Coming Back to Life

There’s a lot on my plate for the coming days.  I need to think about the idea of moving, figure out what’s feasible and how badly I want/need to change locations.  I need to get my work situation figured out, maximizing money and minimizing work hours (among a billion other bits of criteria).  There’s some long-overdue freelance work that I need to knock out, and a couple of jobs that I need to play irritating bill collector on.  And of course, there’s all the usual madness of working, working, gigs, working, screening movies, and sleeping when I can.

In the meantime, I’ll be hoping that this feeling of temporal displacement either goes away or makes itself useful; I’ve been feeling more and more over the past seven days like it’s 1998 all over again.  Naturally, this is making me think both about Melissa and new relationships a lot — that’s what was happening to me this time that year, as far as memorable events.  There’s nothing comparable this year, and the feeling like it’s eight years back isn’t helping me ignore that. Now, if this is some sort of signal that a new romance is coming my way, more power to it.  If not, I’d like to say that it’s less pleasant nostalgia and more bedevilling torture, so please, cut it out.

Mooo.

Watched John Cleese’s WINE FOR THE CONFUSED last night as I was passing out, and again during lunch today, since I apparently lost consciousness during the preview part of the DVD. I’ve never been much of a wine aficianado (or, as I like to call them, fucking booze snobs), though it’s nice to have a bottle with the right meal every now and then.  I learned a little about wine during my time at PF Chang’s, but really just enough to be able to sound competent when I described the expensive bottles and recommended them with every meal.
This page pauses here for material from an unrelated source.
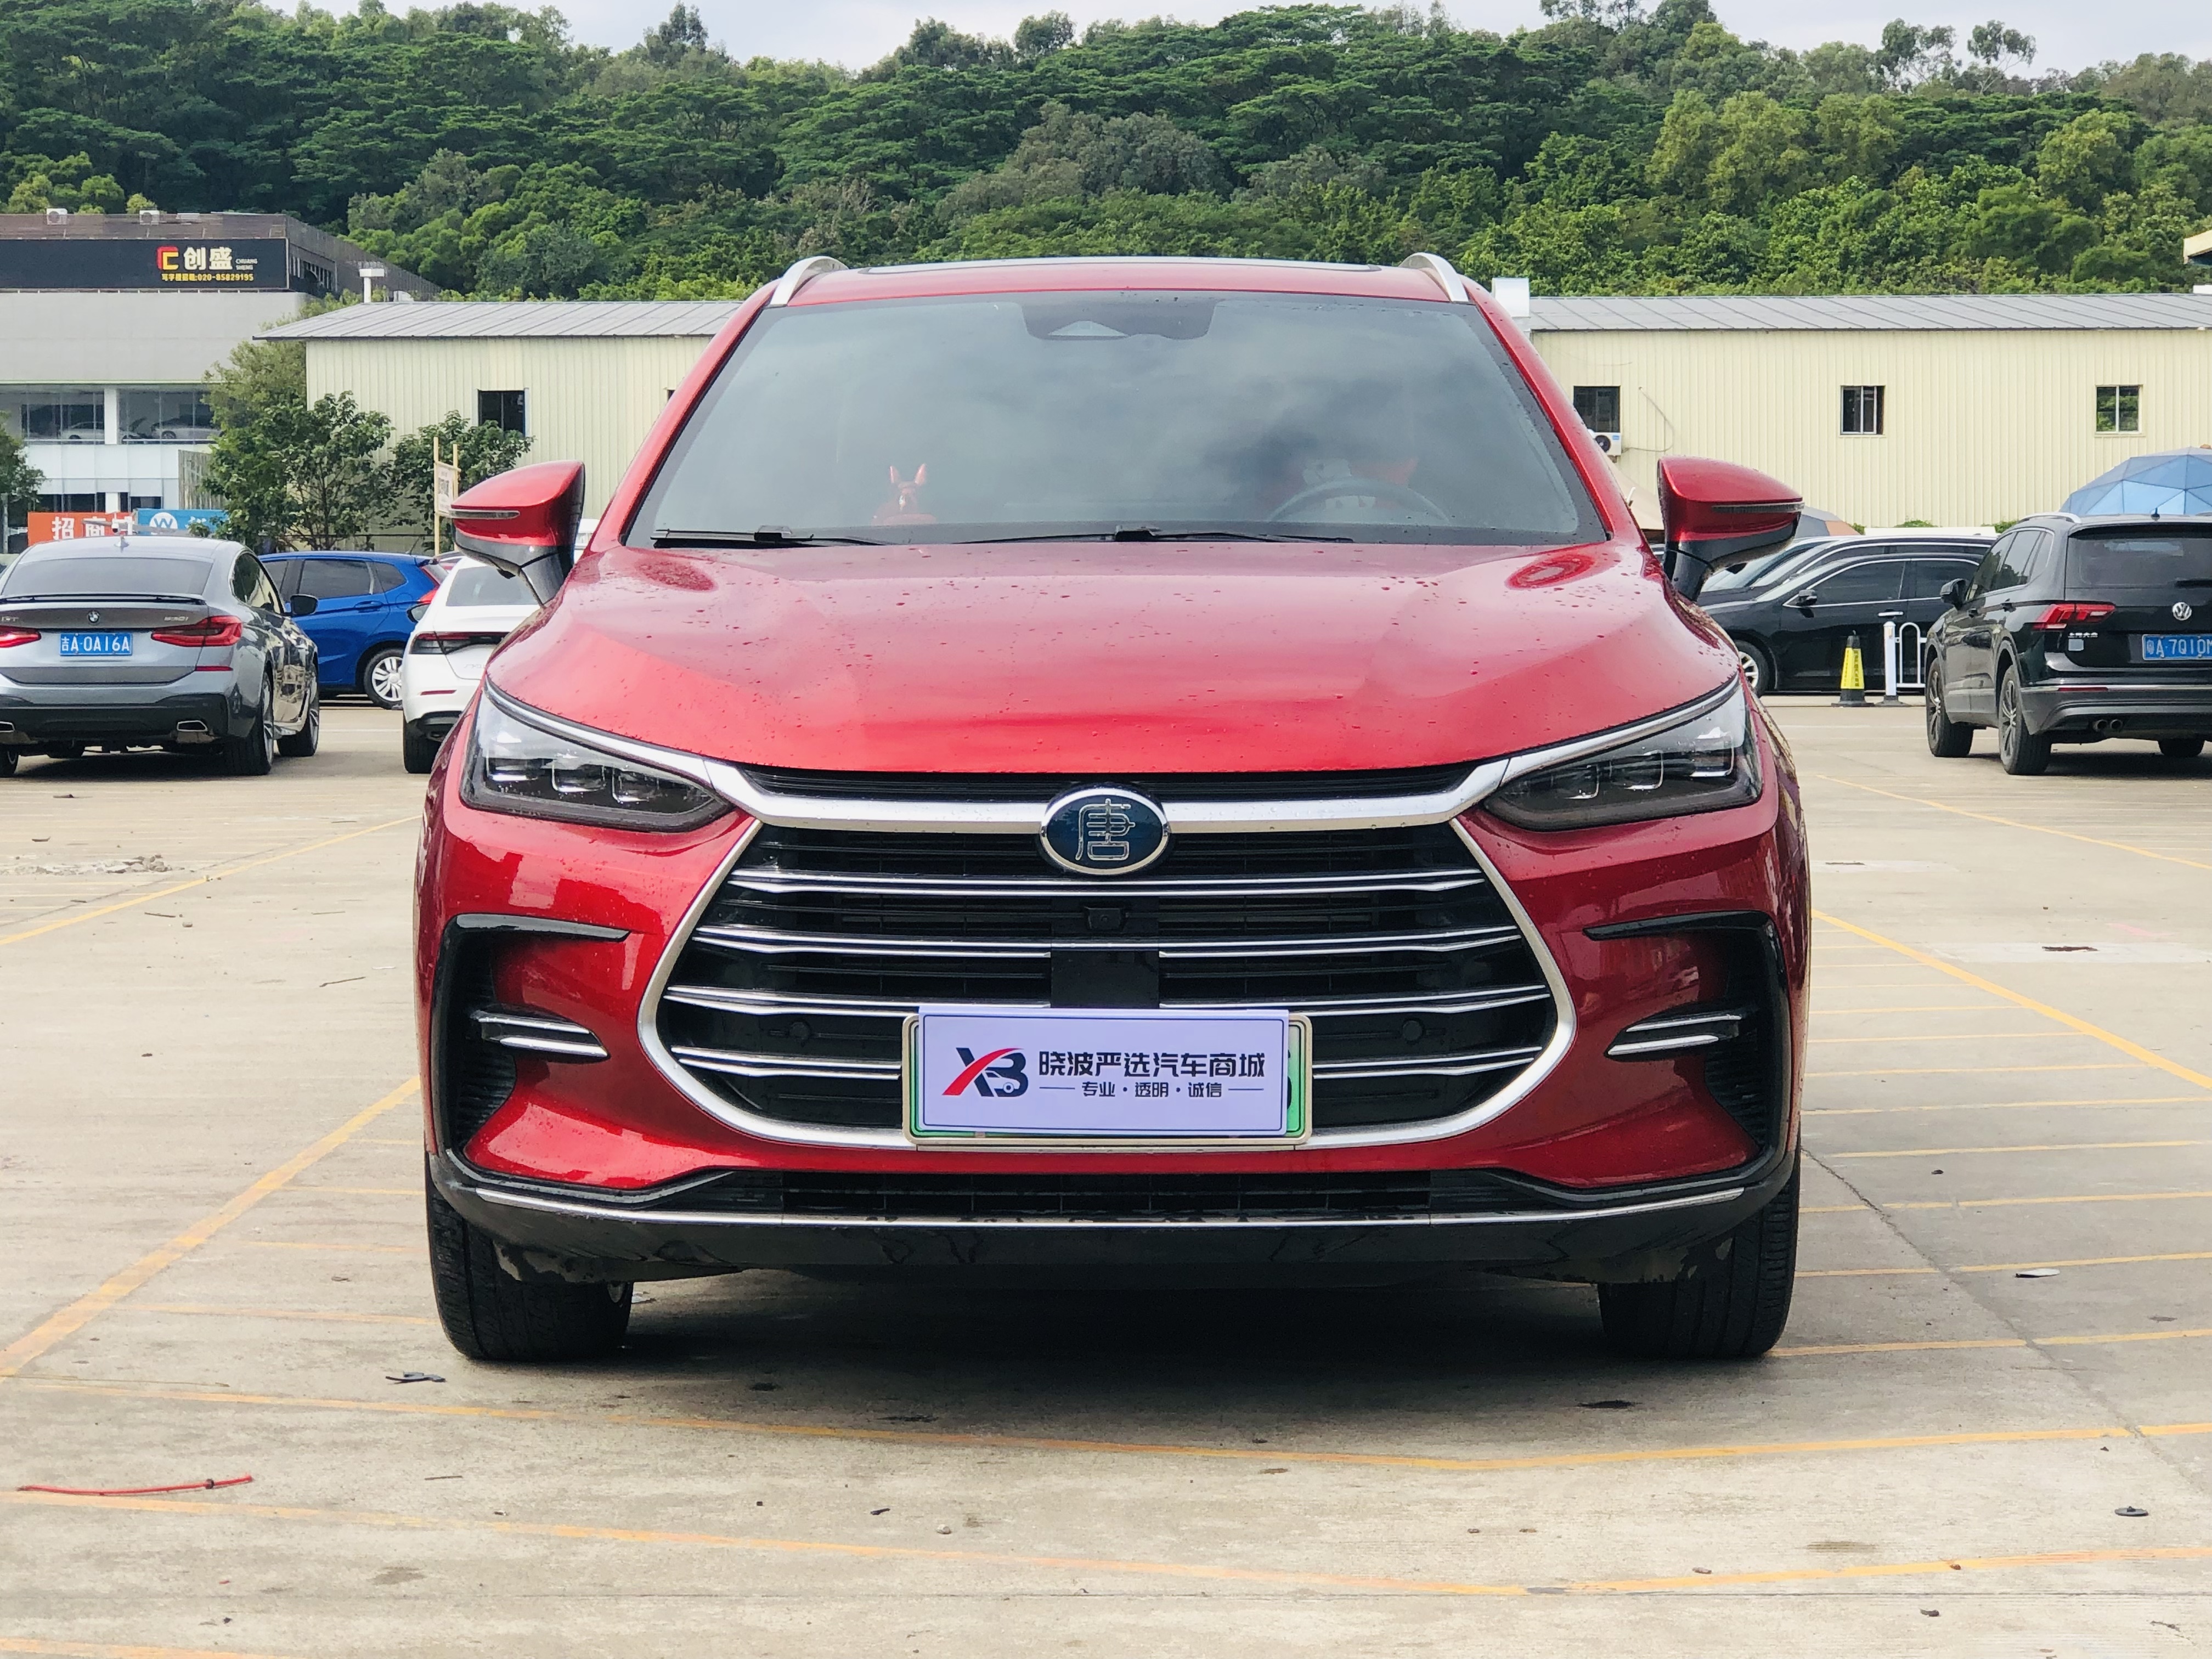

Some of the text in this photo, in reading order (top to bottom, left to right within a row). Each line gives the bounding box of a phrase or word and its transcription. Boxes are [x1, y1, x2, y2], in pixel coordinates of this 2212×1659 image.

[184, 246, 233, 270] 创盛
[1039, 1051, 1265, 1078] 晓波严选汽车商城
WFTC, though, is something I’d highly recommend to any of you who like wine but not enough to become some sort of elitist prick about your drunk. It’s a little cable-TV-Python-lite in a few moments, but for the most part, it’s a “Wine for Dummies” in 45 minutes.  The first half of the program is about the grapes and the differences they produce in wine types; the second half is, equally importantly, about buying wine (both in stores and in restaurants), storing your bottles, and serving.  Quality stuff if you just want to know enough to find something you like.

Mooo.

It’s a rather dry time for new music for the next month or so for me.  I’ve got The New Black to look forward to in a bit, but not much else, and looking backward hasn’t really gotten me too much new (I finally tracked down the first Dark Suns disc, Swanlike, but it hasn’t held my attention too well after only a week; the new Tool disc is great, but I’m overhearing it at the bar; all the death and thrash that I’ve been checking out is mind-numbing).  The long and short of this being: I need some new music.  Feel free to make recommendations.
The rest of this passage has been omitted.